Localising Salafism : Religious Change among Oromo Muslims in Bale, Ethiopia

University dissertation from Stockholm : Institutionen för etnologi, religionshistoria och genusstudier

Abstract: The political transition in 1991 and the new regime’s policy towards the ethnic and religious diversity in Ethiopia have contributed to increased activities from various Islamic reform movements. Among these, we find the Salafi movement which expanded rapidly throughout the 1990s, particularly in the Oromo-speaking south-eastern parts of the country such as Hararge, Arsi and Bale.This dissertation, based on findings from an extensive fieldwork, sheds light on the emergence and expansion of Salafism in Bale.
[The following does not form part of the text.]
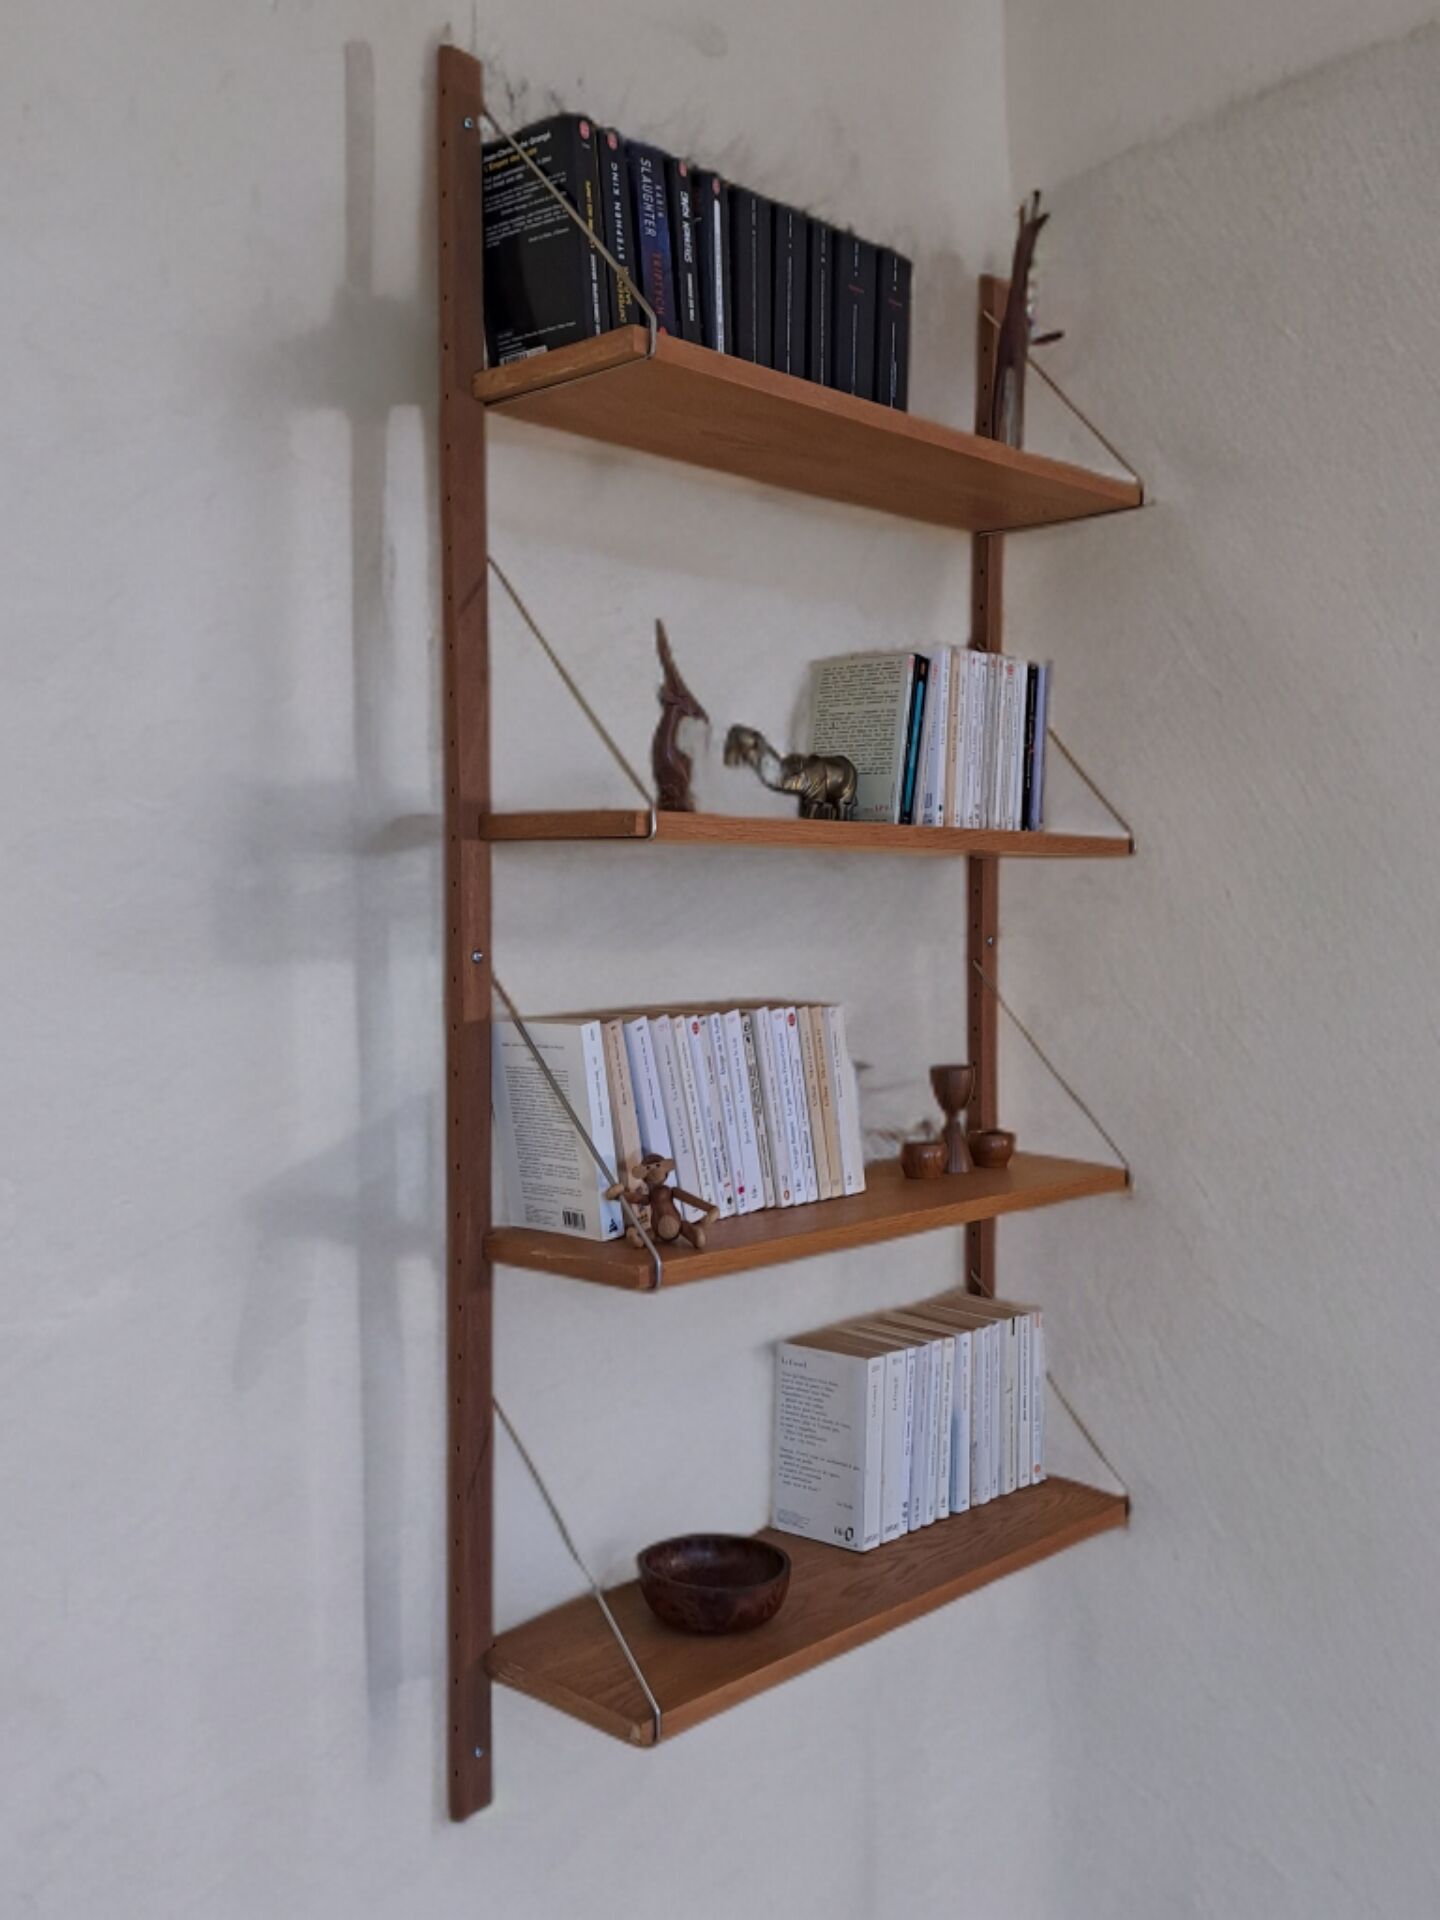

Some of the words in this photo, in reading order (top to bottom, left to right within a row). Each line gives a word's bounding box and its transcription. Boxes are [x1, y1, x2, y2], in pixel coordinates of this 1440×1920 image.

Following the Salafi movement’s development from the 1960s to 2006, it first deals with its early arrival at the end of the Imperial period (late 1960s). Secondly, the study focuses on Salafism during the Marxist period (1974-1991) before discussing the rapid expansion of the movement in the 1990s. The movement’s dynamics and the controversies emerging as a result of the reforms are discussed, particularly with reference to different understandings of sources for religious knowledge and the role of Islamic literacy.The study demonstrates how the religious reforms were connected to wider political, socio-economic and cultural changes, in the sense that improved means of communication paved the way for increased travelling and flows of new ideas into Bale. The study underscores the significance of agents in the process of change, and focuses on the roles of local reformers and Islamic scholars returning from studies in Saudi Arabia in the late 1960s. It also sees the reciprocal process between agents and audience and between stimulus and response as crucial in the process of religious change. This is connected to the issue of localisation and the ways new ideas are coloured by the particularities of the context in which they are introduced. Although Salafism has the character of a trans-national movement, the ways it was remoulded in Bale demonstrates its diversity and points to the importance of locality in construing Salafism.